What is needed - Output exactly the line that includes "this 1300×975 image." and all the lines after it through the end of the listing below, and nothing more.

_____

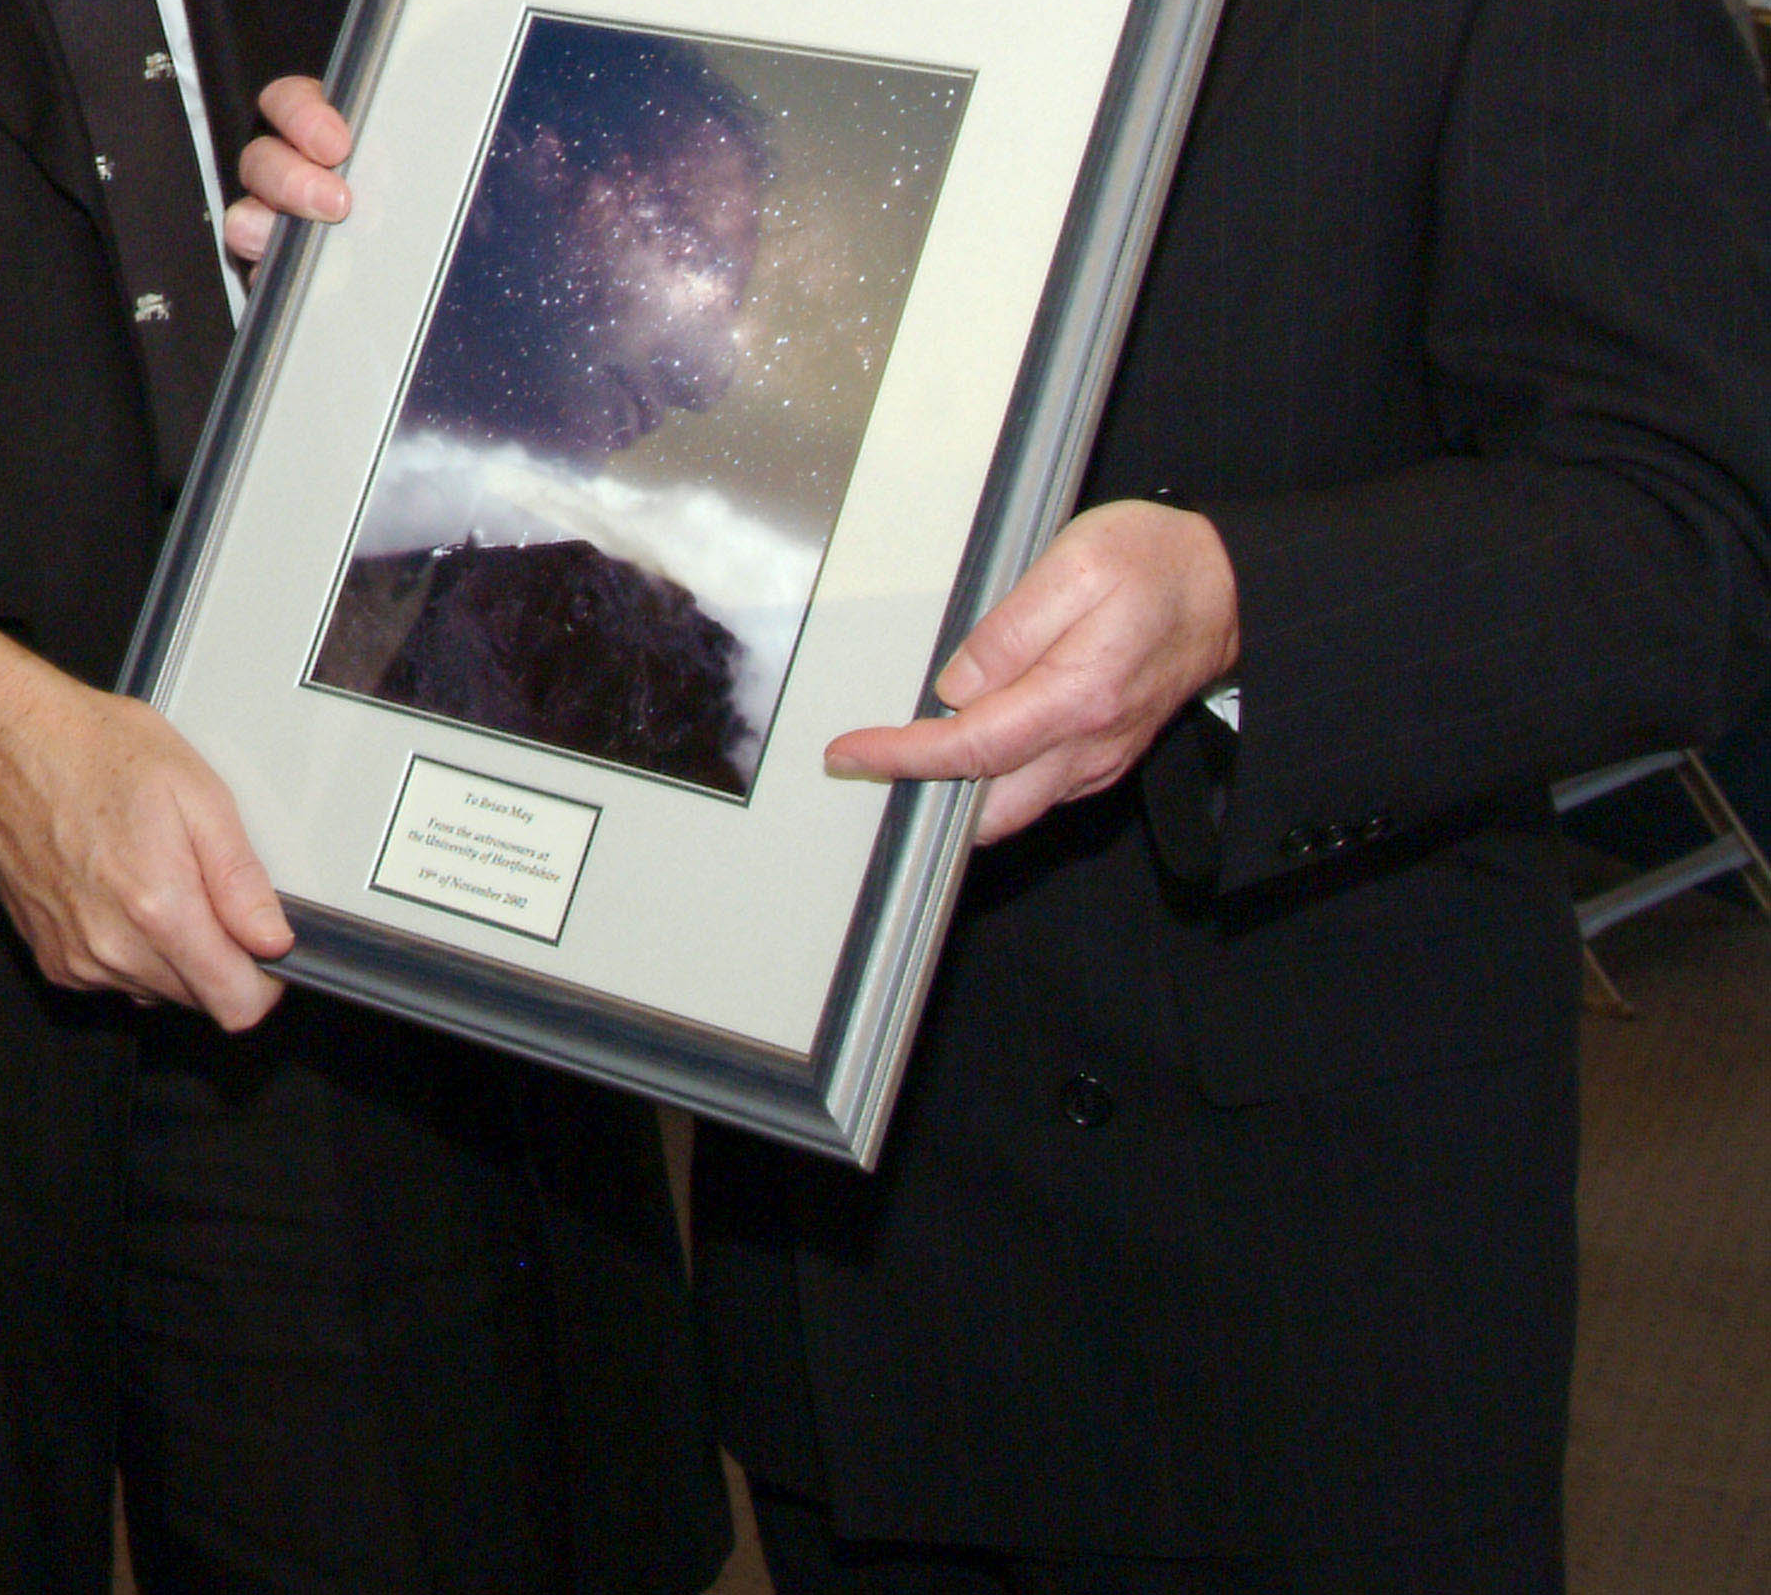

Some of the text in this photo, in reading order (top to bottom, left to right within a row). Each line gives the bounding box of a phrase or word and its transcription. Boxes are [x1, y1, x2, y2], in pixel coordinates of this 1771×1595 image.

[465, 792, 534, 824] To Brian May
[456, 824, 472, 838] the
[407, 829, 561, 882] the University of Hertfordshire
[438, 875, 452, 888] of
[451, 876, 501, 900] November
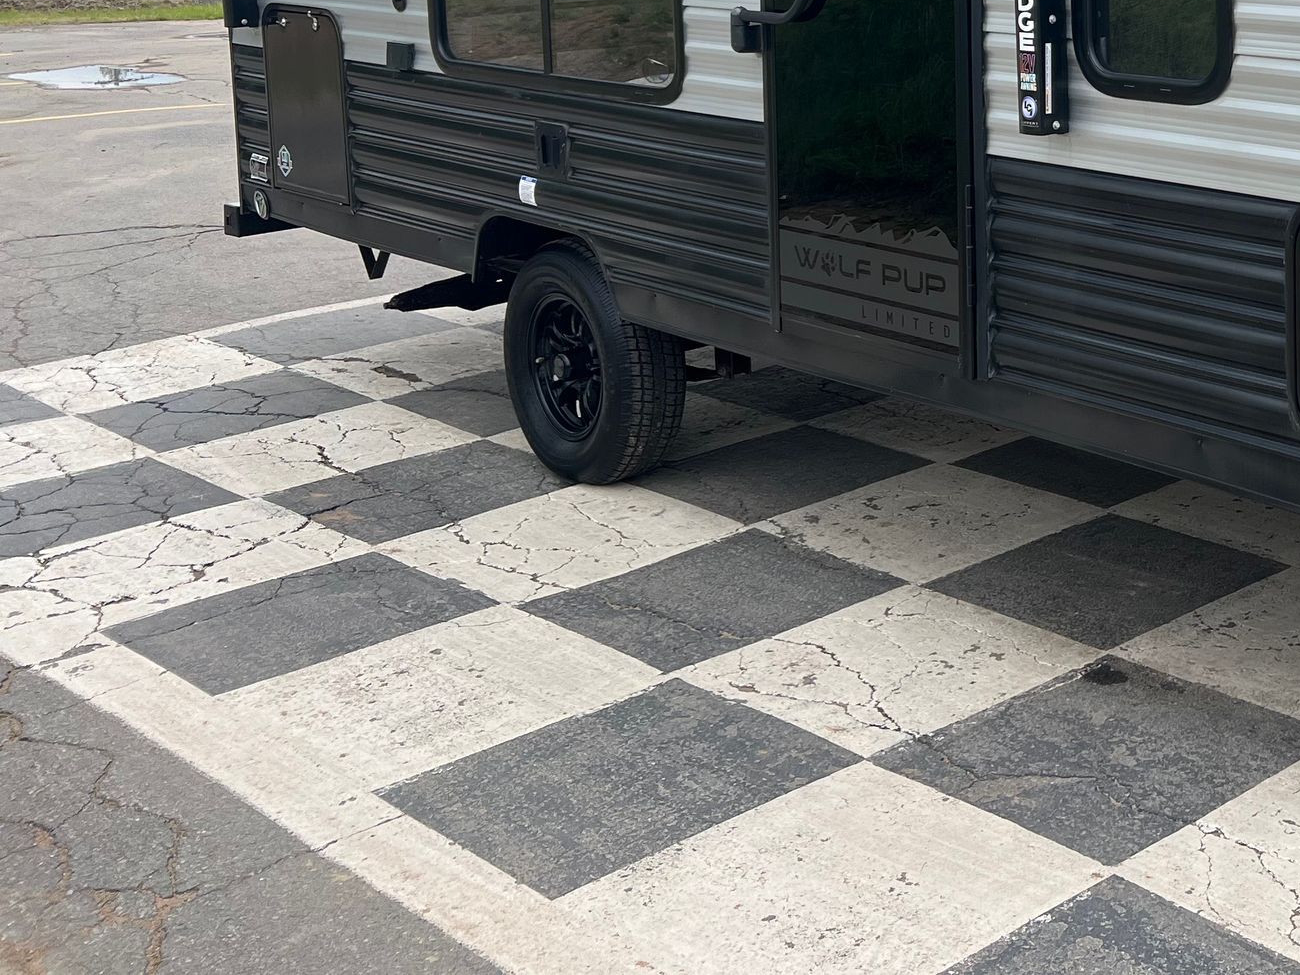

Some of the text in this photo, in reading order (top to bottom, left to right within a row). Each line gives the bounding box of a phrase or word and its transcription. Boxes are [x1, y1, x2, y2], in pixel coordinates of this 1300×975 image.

[1019, 53, 1036, 74] 12V
[881, 263, 946, 296] PUP
[861, 305, 950, 338] LIMITED

_____

Task solution -
Some of the text in this photo, in reading order (top to bottom, left to right within a row). Each line gives the bounding box of a phrase or word and its transcription. Boxes are [x1, y1, x2, y2], in pixel coordinates of this 1300×975 image.

[1019, 53, 1036, 74] 12V
[881, 263, 946, 296] PUP
[861, 305, 950, 338] LIMITED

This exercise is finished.